A probe into the origin of income of Russia's top officials is needed.

It will help stop Putin, thinks Lilia Shevtsova, a prominent Russian politologist and senior fellow at the Brookings Institution (the US).

The politologist answered questions of charter97.org chief editor Natallia Radzina during the conference “Challenges and Responsibilities in Contemporary Journalism” in Vilnius.

– You made rather sharp remarks at the conference and criticised Europe for the lack of a strong and principled policy towards the Putin regime. It was very emotional for an analyst, as analysts are considered to be outside observers. Do you feel you cannot stand aside any more?

– You know, even people who have been working as analysts for many years and trying to show a rather distant uninvolved approach sometimes react emotionally if they live in a tense situation.

The year 2014 was a test for strength and adherence to principles for Europe and the entire West. They had enough time to assess the past, the present and the mistakes the European Union made in its relations with Russia, Ukraine and in its own foreign policy. But Europe failed to use this time to develop a new strategy.

To be objective, we should say that Europe achieved one unusual and absolutely unexpected thing. Twenty eight members of the European Union still have a common position on sanctions against Russia despite the fact that Hungary with prime minister Orban, Cyprus, Greece and other Mediterranean countries have always been spineless in what concerns principles.

Angela Merkel, who was hardly suspected of having a clear and consistent position on Russia and Ukraine a year ago, now keeps Europe's unity. It is undoubtedly a positive step in the maturation of the European Union and overcoming the EU's intellectual and political paralysis of the last 5-6 years.

On the other hand, sanctions are only tactics rather than a strategy. Their goal is to make the regime that nearly crosses the red line not make anything bad. They haven't led to the de-escalation of tensions, though they've shown in some degree that the European Union can be viewed as an integral whole.

– Perhaps, a more painful blow was needed.

– The West's sanctions worked against the apartheid in the South African Republic and the Lukashenka regime in Belarus. In general, they can work only in a package with a clear well-defined policy of liberal society that includes a number of strategic measures. What strategic measures? The European Union hasn't decided it yet. It failed to do more. It failed to go further than applying sectoral sanctions.

We are in a deadlock. The European Union and the West in general cannot change the vector of actions of the Russian authorities, but they can influence the changing of the Kremlin's tactics.

– How to break the deadlock?

– You know, there's one thing the West ignores. The Soviet Union was able to survive due to its confrontation with the West. But post-Soviet, Yeltsyn's or now Putin's Russia survives due to the integration with the West, due to forming a source of wealth inside the EU, the “fifth column” and the sphere of influence.
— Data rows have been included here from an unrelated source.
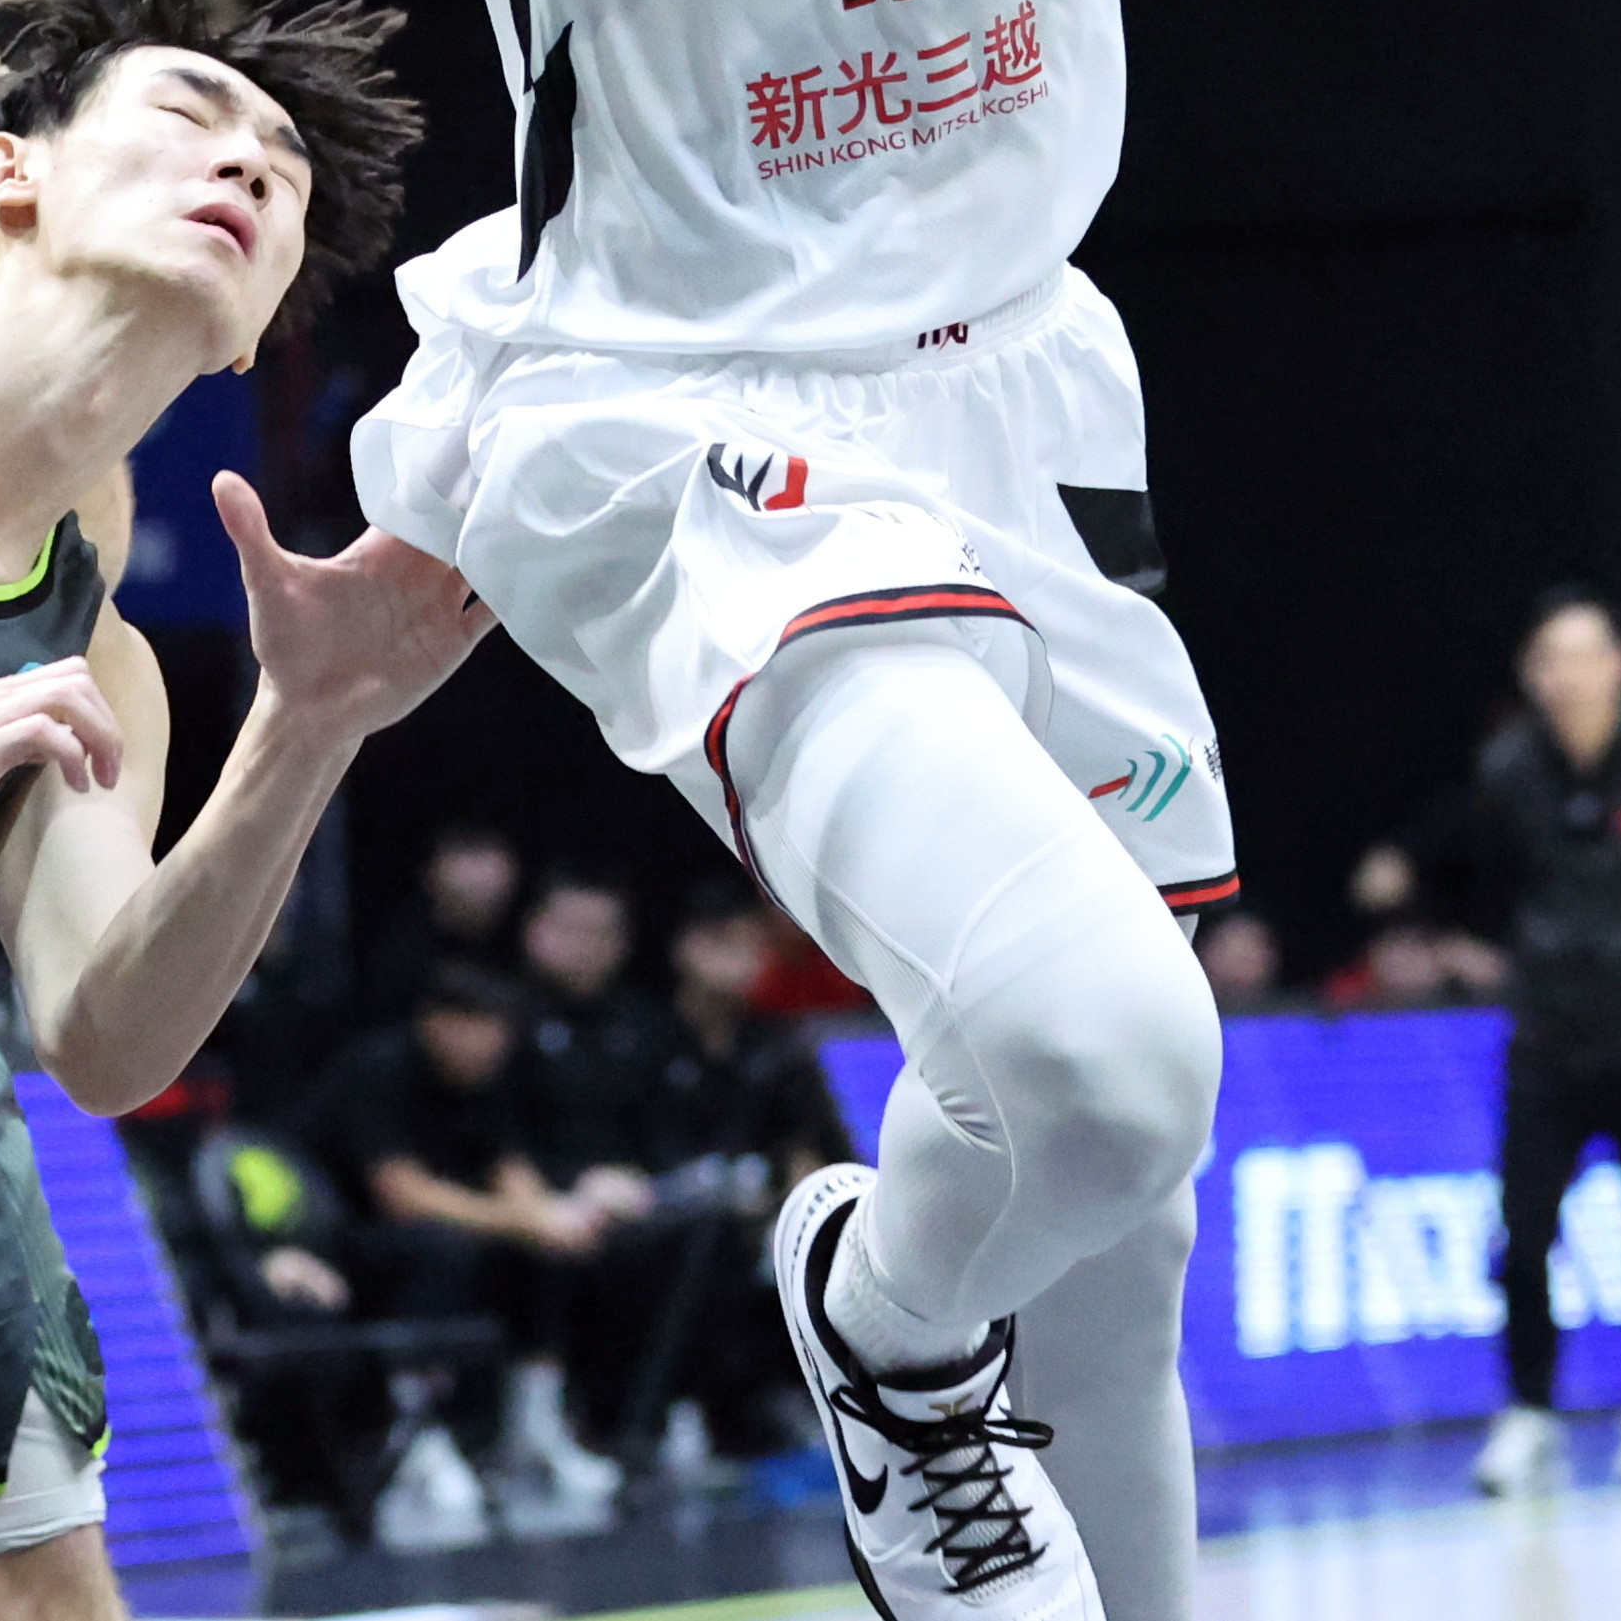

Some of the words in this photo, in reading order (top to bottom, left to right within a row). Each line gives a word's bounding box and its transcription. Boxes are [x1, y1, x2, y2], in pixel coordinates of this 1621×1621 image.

[745, 0, 1043, 150] 新光三越
[757, 150, 825, 181] SHIN
[830, 130, 907, 166] KONG
[911, 80, 1050, 148] MITSUKOSHI
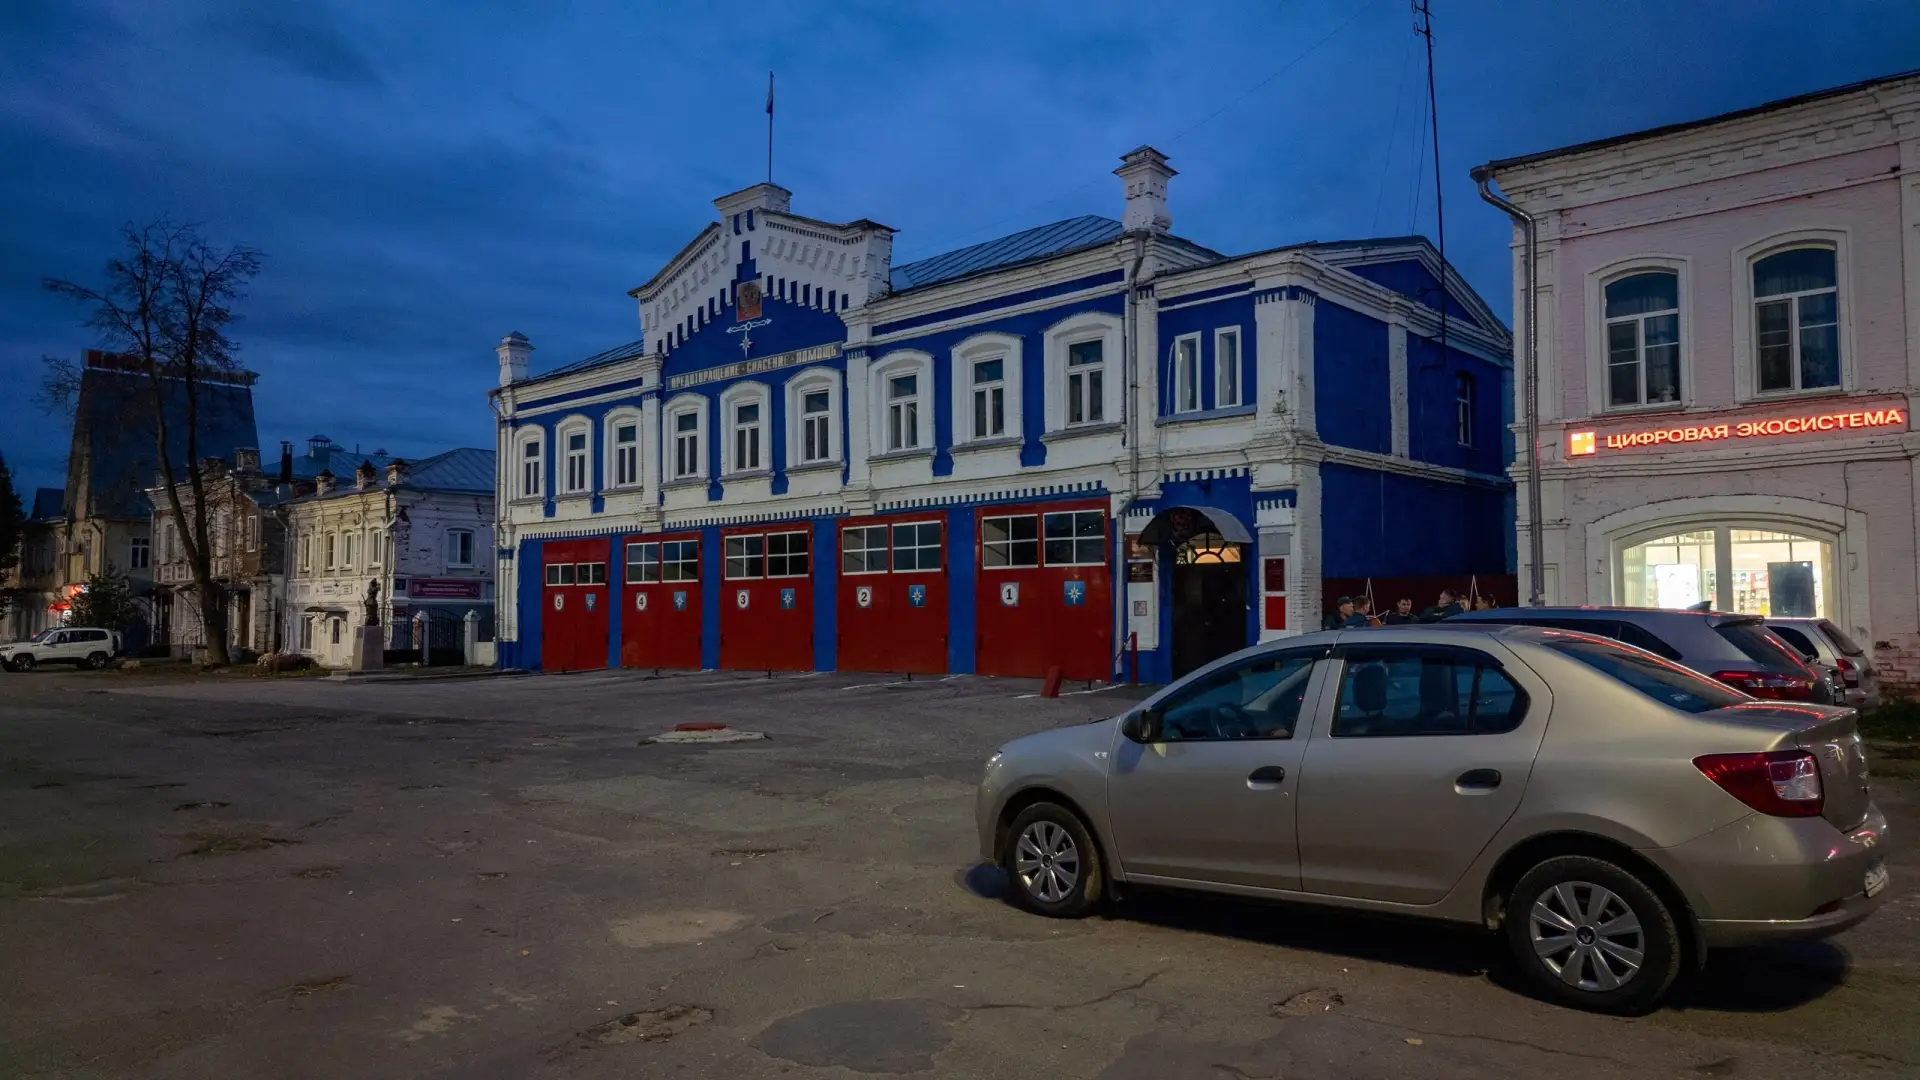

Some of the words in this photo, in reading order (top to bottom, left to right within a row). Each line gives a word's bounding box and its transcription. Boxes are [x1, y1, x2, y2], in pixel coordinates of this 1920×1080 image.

This is an absolutely new survival model. It is impossible to cope with Putin's Kremlin, restrain and restrict the room of his manoeuvres only by imposing economic and military sanctions on Russia, sending five IFVs or tanks to Lithuania, creating NATO forces of rapid deployment and five command centres in eastern Europe.

Everything can be changed if the European Union begins to remove the cancerous tumour inside it. Let's recall London, which is often called Londonograd. All main Russian state-owned companies are registered on the London Stock Exchange. About 500,000 Russian citizens live in London and have their assets there. If the UK government and relative agencies began the process of revealing sources of their income, an immediate reaction would follow.

Sanctions won't be successful for as long as former Germany's chancellor Gerhard Schröder works at Gazprom and for as long as former economic ministers of EU countries and former NATO general secretaries are kept by Russian state-owned companies.

Most money comes to Russia from Germany, France, the UK and the Netherlands. Russian offshore assets in the Netherlands or on the Virgin Islands return to Russia in some form, for example, as investments. This money flows from Russia's rent-seeking economy to the West.

If these money flows and sources of wealth are audited, the future of the Putin regime will be determined. Europe will help us by helping itself. Another paradigm of attitude toward Putin's Russia, Belarus, Azerbaijan, Kazakhstan, Uzbekistan and other countries is needed.

– Will Europe be able to give up Russian money?

– It obviously cannot do it yet. The process needs big laundering. But rain begins with small drops, and Swiss banks begin to lift bank secrecy rules under pressure from the US Department of the Treasury, and capital flows from Switzerland to other countries.

Of course, not all countries do it. Austria, for example, doesn't it yet. The Kremlin's political class continues to have a huge room for manoeuvres unless the problem is solved.

– A probe into the origin of funds will take a long time. But Russia has been carrying out a military operation in Ukraine for a year. Opposition leader Boris Nemtsov was killed a month ago. What can stop Putin now?

– You know, there's no answer to this question and to most questions about today's Russia and today's West. The situation is absolutely new. It cannot be compared to the cold war, which had its own rules and red lines both for the Soviet Union and the West. Both sides respected them at least after the Cuban Missile Crisis of the 1960s.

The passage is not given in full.